**Information shown**
******

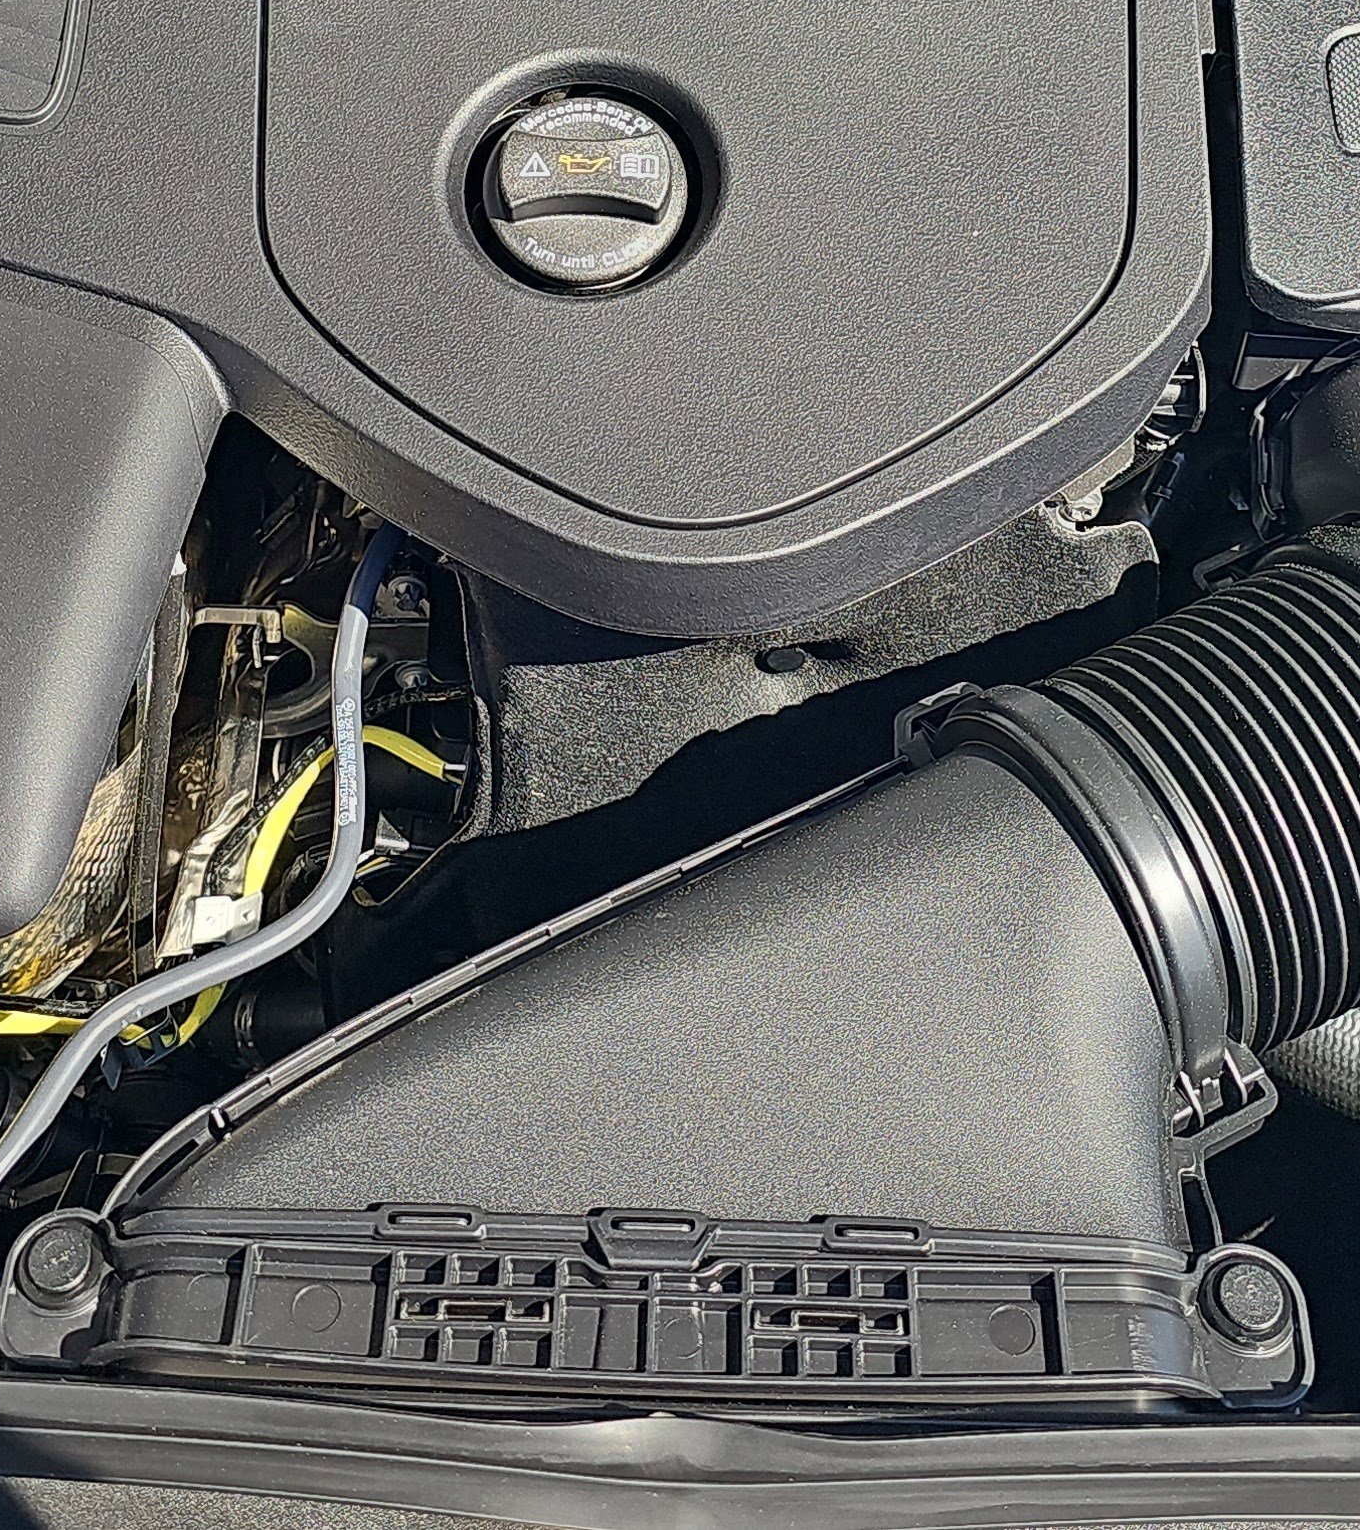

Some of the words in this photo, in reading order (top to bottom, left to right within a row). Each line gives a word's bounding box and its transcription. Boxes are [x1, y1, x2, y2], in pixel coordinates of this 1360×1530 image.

[520, 101, 633, 131] Mercedes-Benz
[634, 116, 654, 133] Oil
[539, 112, 636, 136] recommended
[525, 237, 556, 263] Turn
[561, 254, 595, 269] until
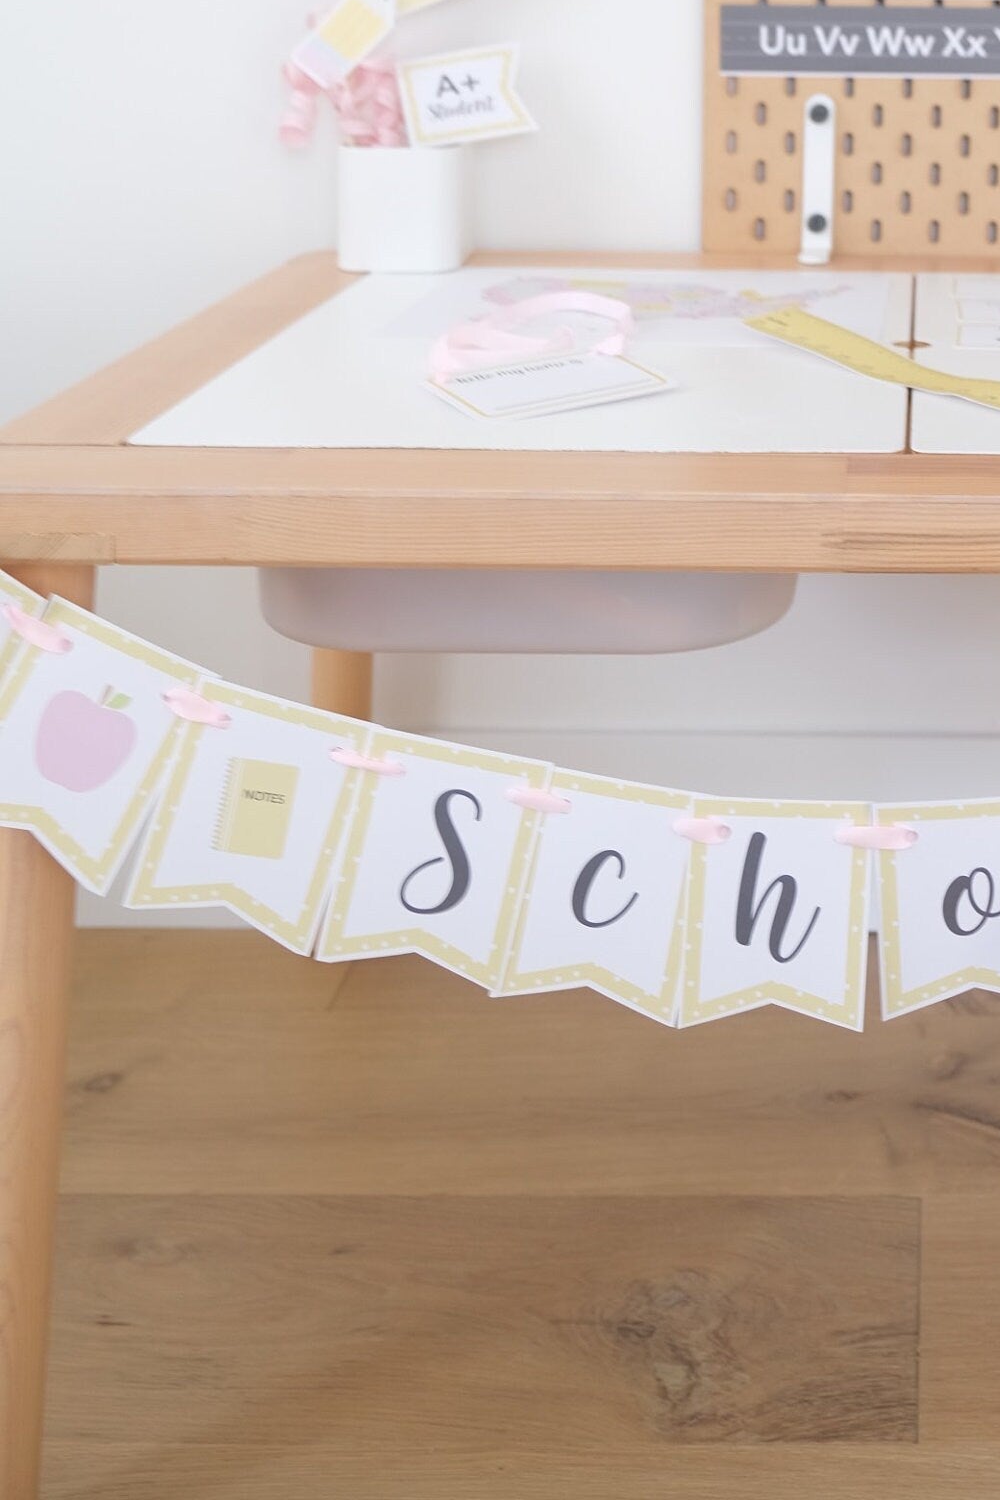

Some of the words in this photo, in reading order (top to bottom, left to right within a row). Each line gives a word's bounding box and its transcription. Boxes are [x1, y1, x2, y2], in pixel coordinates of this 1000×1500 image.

******

**What is needed**
You are asked to reproduce each line above exactly, but to exclude the pictures.

**Task output**
Some of the words in this photo, in reading order (top to bottom, left to right within a row). Each line gives a word's bounding box and its transcription. Boxes are [x1, y1, x2, y2], in pixel coordinates of this 1360×1530 image.

[520, 101, 633, 131] Mercedes-Benz
[634, 116, 654, 133] Oil
[539, 112, 636, 136] recommended
[525, 237, 556, 263] Turn
[561, 254, 595, 269] until

Some of the words in this photo, in reading order (top to bottom, left to right within a row). Each line gives a word's bounding box and its transcription. Boxes are [x1, y1, x2, y2], in pixel coordinates of this 1000×1500 image.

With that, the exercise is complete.